= Manuela Wiesler =

Austrian-Icelandic flautist (1955–2006)

Manuela Wiesler (July 22, 1955 – December 22, 2006) was an Austrian-Icelandic flautist, known for her exceptional performances, particularly of Baroque and contemporary music.

== Career ==
Manuela Wiesler was born in Itapiranga, Brazil, the daughter of an Austrian cameraman and a ballerina. In 1957 she moved with her family to Vienna, where she entered the Academy of Music in 1967, later studying in Paris. In 1973, she moved with her husband, the clarinetist Sigurður Ingvi Snorrason, to Reykjavík, Iceland, where she lived for a decade. In 1976, she won first prize in the Nordic Chamber Music Competition in Helsinki, and in 1980 she was selected to perform on Iceland's behalf in the Copenhagen Biennale for young soloists.

Wiesler's presence in Iceland encouraged local composers to write music for her, which she performed with passion and enthusiasm. Among the works especially written for her are Xanties (1976) and 21 Music Minutes (1980) by Atli Heimir Sveinsson, Sonata per Manuela and Sumarmál (1978) for flute and harpsichord by Leifur Þórarinsson, Euridice, a flute concerto by Þorkell Sigurbjörnsson (1979), and Solitude by Magnús Blöndal Jóhannsson (1981). She was also instrumental in founding the Summer Concert Series in Skálholt Cathedral, where she performed frequently as soloist and chamber musician with her co-founder, harpsichordist Helga Ingólfsdóttir.

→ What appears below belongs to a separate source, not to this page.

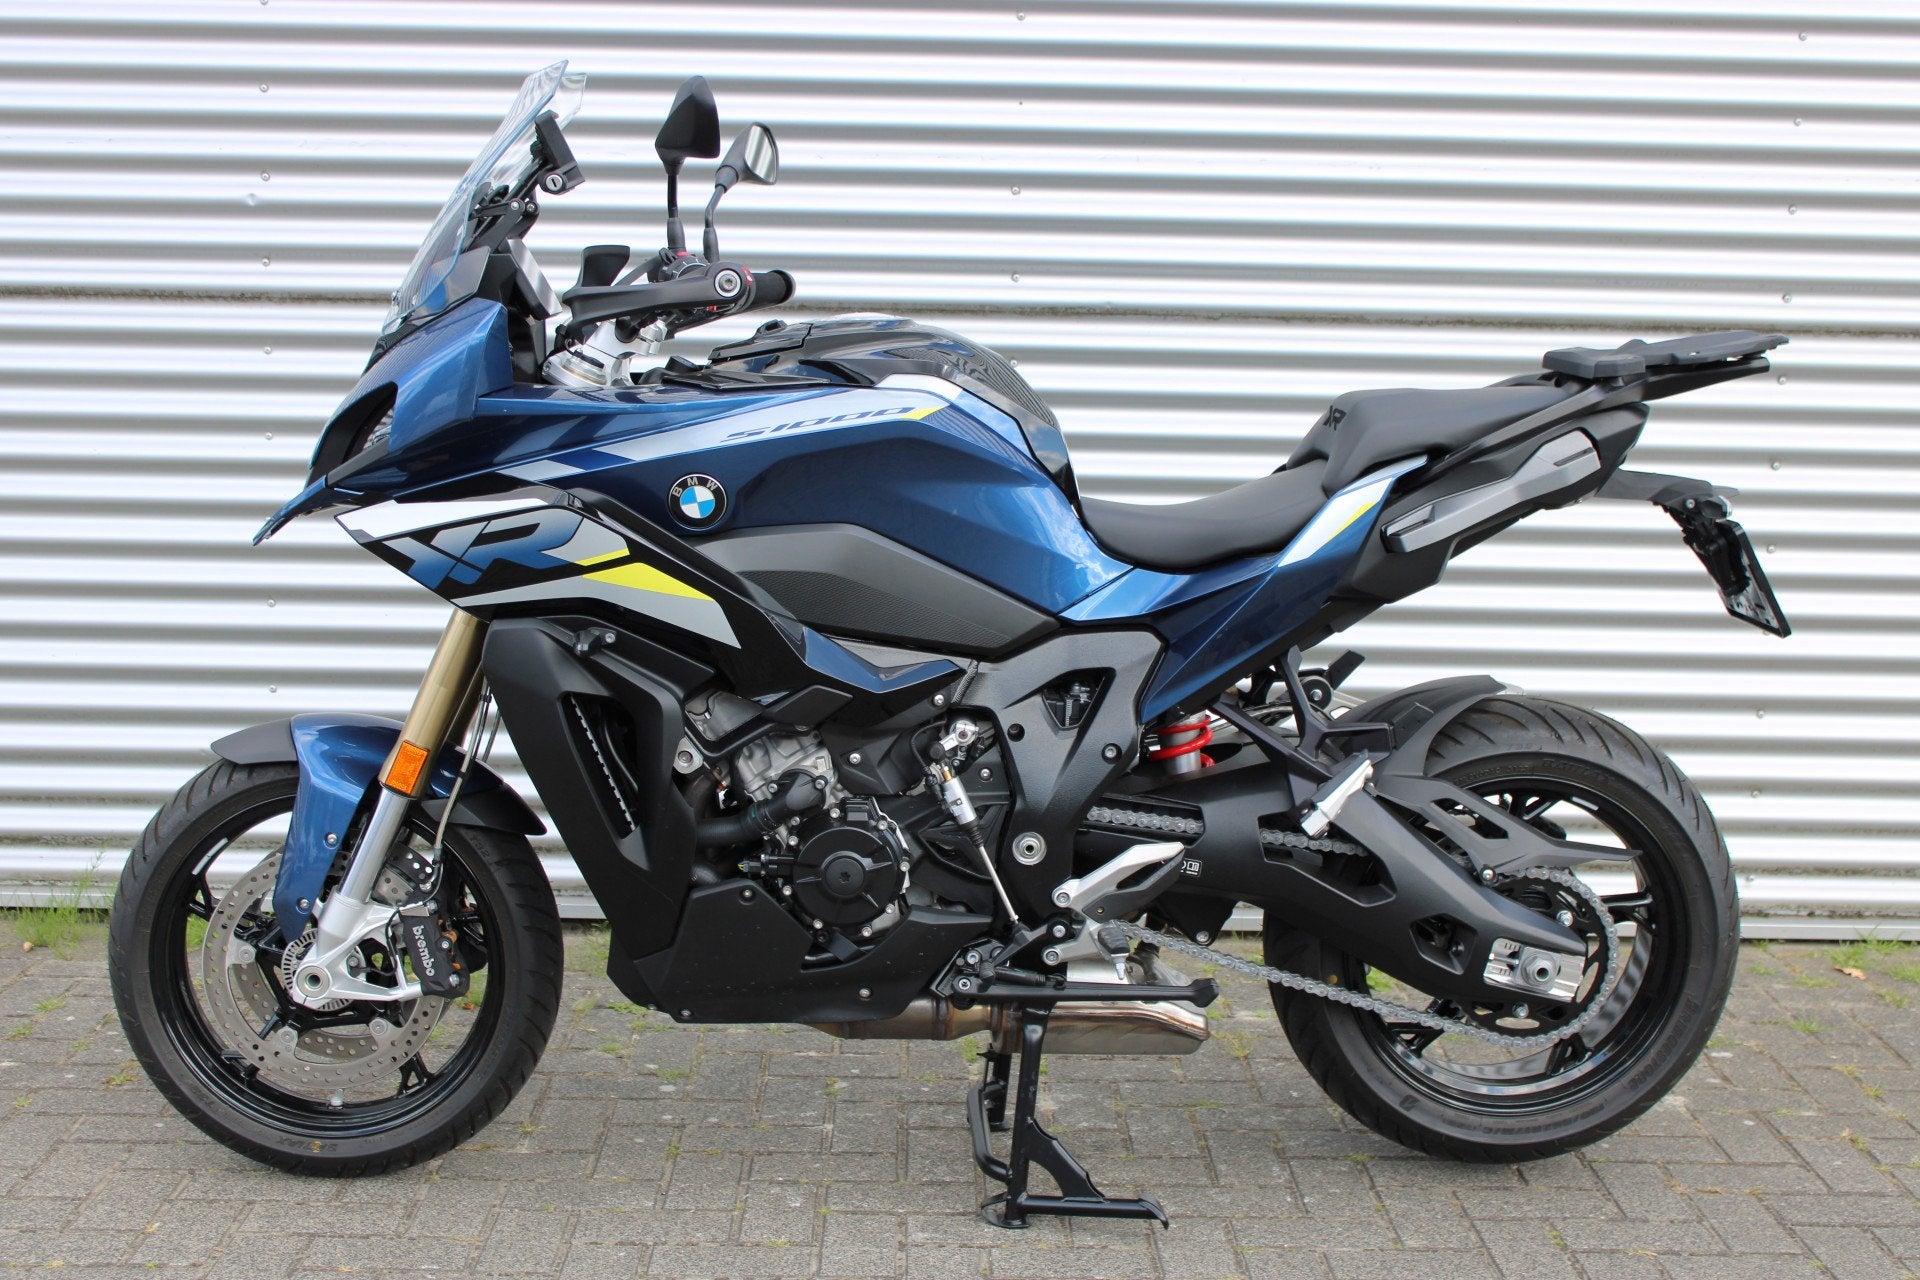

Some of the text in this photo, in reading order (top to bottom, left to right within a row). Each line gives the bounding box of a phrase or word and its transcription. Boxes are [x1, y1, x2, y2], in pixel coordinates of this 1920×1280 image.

Wiesler lived in Sweden from 1983–1985, where she remarried, but moved back to Vienna in 1985. She made many recordings for international labels, especially on the Swedish record label BIS Records. She was also an influential teacher, and her students include Kolbeinn Bjarnason and Mario Caroli. She died of cancer in 2006.

== Recordings ==

- Solo Flute Music (4 LPs, 1982). Reissued, Polarfonia Classics, 2015.
- Sumartónleikar í Skálholtskirkju. Music by J.S. Bach, Páll P. Pálsson and Leifur Þórarinsson (with Helga Ingólfsdóttir, harpsichord). Fálkinn, 1979.
- Jolivet: Suite en concert (with Kroumata percussion ensemble). BIS Records, 1984.
- Icelandic Solo Flute Music (works by Leifur Þórarinsson, Atli Heimir Sveinsson, Magnús Blöndal Jóhannsson, Hjálmar H. Ragnarsson and Þorkell Sigurbjörnsson). BIS Records, 1989.
- The Russian Flute (with Roland Pöntinen, piano). BIS Records, 1990.
- Manuela plays French Solo Flute Music (works by Marin Marais, Henri Tomasi, Jean Francaix, André Jolivet, and Claude Debussy). BIS Records, 1990.
- French Flute Concertos (with Helsingborg Symphony Orchestra). BIS Records, 1992.
- Jolivet: The Complete Flute Music, vol. 1 (with Roland Pöntinen, piano). BIS Records, 1994.
- Jolivet: Flute Concerto (with Tapiola Sinfonietta). BIS Records, 1993.
- Oiseaux tendres. BIS Records, 1994.
- Jolivet: The Complete Flute Music, vol. 2. BIS Records, 1995.
- Liongate: Flute Concertos by Þorkell Sigurbjörnsson (with Southern Jutland Symphony Orchestra). BIS Records, 1995.
- Small is Beautiful: Short Pieces for Solo Flute. BIS Records, 1997.
- Vagn Holmboe: Flute Concertos nos. 1 and 2 (with Aalborg Symphony Orchestra). BIS Records, 1998.
- Bridges to Japan (with Noriko Origawa, piano). BIS Records, 2000.